Machine Learning with K-Nearest Neighbors (KNN) using sci-kit-learn

Mahalakshmi Adabala
Aug 2, 2023
5 min read

Machine learning is a rapidly evolving field that enables computers to learn patterns and make intelligent decisions based on data. One of the simplest yet effective algorithms in machine learning is the K-Nearest Neighbors (KNN) algorithm. KNN is a supervised learning algorithm used for classification and regression tasks. In this blog, we will explore the fundamentals of the KNN algorithm and implement it using the popular Python library, sci-kit-learn.

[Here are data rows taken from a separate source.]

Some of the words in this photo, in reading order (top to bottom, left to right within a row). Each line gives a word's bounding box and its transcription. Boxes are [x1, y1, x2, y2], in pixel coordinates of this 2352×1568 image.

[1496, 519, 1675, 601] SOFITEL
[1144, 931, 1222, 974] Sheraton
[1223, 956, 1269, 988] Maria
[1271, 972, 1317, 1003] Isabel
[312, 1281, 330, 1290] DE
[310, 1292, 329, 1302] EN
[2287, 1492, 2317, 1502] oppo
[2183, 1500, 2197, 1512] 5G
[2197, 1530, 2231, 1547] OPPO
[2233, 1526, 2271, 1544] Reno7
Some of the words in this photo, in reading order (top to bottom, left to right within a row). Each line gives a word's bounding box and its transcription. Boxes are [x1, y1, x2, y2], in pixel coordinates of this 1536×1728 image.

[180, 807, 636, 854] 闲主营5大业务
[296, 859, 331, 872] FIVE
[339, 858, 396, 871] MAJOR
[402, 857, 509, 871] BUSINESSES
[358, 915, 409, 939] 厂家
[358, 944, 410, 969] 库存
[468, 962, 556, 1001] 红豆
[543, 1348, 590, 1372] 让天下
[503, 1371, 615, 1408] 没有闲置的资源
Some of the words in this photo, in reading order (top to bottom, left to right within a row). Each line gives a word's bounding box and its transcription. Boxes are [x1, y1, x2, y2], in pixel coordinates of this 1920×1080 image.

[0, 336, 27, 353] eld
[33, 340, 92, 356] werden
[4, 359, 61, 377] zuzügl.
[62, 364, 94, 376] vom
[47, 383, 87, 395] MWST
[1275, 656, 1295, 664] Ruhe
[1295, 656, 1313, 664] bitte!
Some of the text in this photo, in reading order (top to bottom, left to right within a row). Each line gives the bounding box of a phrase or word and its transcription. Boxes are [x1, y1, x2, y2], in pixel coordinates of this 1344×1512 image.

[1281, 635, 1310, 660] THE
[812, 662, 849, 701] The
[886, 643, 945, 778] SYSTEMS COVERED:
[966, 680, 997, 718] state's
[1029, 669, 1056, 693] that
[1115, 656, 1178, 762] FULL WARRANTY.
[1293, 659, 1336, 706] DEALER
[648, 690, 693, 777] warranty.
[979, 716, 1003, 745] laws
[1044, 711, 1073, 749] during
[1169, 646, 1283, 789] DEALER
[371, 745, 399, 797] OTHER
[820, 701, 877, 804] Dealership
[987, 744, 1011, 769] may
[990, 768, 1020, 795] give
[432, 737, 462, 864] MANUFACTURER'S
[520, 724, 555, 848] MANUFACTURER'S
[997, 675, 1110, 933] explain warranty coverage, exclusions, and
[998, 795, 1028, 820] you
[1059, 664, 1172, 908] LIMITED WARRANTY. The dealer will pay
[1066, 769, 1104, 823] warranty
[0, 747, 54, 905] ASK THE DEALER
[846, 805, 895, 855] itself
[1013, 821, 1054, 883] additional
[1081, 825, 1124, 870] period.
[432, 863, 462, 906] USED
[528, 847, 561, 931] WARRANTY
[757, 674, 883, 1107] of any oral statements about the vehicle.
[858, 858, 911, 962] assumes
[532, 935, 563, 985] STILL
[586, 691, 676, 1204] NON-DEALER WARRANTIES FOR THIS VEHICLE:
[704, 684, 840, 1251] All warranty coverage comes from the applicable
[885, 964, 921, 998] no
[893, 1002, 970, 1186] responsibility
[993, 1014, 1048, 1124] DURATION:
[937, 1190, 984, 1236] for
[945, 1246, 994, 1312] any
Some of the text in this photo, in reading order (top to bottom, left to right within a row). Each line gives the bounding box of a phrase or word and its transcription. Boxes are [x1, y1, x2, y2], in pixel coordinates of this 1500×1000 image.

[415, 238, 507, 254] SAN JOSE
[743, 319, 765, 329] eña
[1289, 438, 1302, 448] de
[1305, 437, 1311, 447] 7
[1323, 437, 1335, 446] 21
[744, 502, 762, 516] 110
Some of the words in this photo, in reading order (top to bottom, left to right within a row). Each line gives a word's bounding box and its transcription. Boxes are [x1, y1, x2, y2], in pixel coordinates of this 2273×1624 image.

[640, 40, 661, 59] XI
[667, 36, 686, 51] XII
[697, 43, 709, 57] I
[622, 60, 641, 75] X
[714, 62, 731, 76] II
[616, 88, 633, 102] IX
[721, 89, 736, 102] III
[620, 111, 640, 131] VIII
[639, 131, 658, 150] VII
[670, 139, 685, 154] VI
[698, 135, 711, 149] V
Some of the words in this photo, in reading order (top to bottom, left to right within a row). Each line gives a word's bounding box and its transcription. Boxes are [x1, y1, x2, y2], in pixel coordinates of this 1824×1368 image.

Understanding the K-Nearest Neighbors Algorithm

The K-Nearest Neighbors algorithm is based on the principle that similar data points tend to belong to the same class. In other words, the algorithm makes predictions by finding the K closest data points to a given query point and then determines the majority class among those K neighbors for classification tasks or computes the average for regression tasks.

Here's a step-by-step breakdown of the KNN algorithm:

1. Load the Data: First, we need a labeled dataset that contains samples with known classes for training our model.

2. Choose the Value of K: The hyperparameter "K" represents the number of nearest neighbors to consider when making a prediction. It's crucial to select an appropriate value for K, as it can significantly impact the algorithm's performance.

3. Calculate Distances: For each data point in the dataset, the algorithm calculates the distance (e.g., Euclidean distance) between the data point and the query point for which we want to make a prediction.

4. Select K Neighbors: The K nearest data points to the query point are selected based on the calculated distances.

5. Majority Vote or Averaging: For classification tasks, the algorithm predicts the class that occurs most frequently among the K neighbors. For regression tasks, it predicts the average value of the target variable for the K neighbors.

6. Make Predictions: The algorithm uses the majority vote or averaging to make predictions for the query point.

Implementing K-Nearest Neighbors with sci-kit-learn

Now, let's walk through an example of implementing K-Nearest Neighbors using sci-kit-learn, a powerful Python library for machine learning.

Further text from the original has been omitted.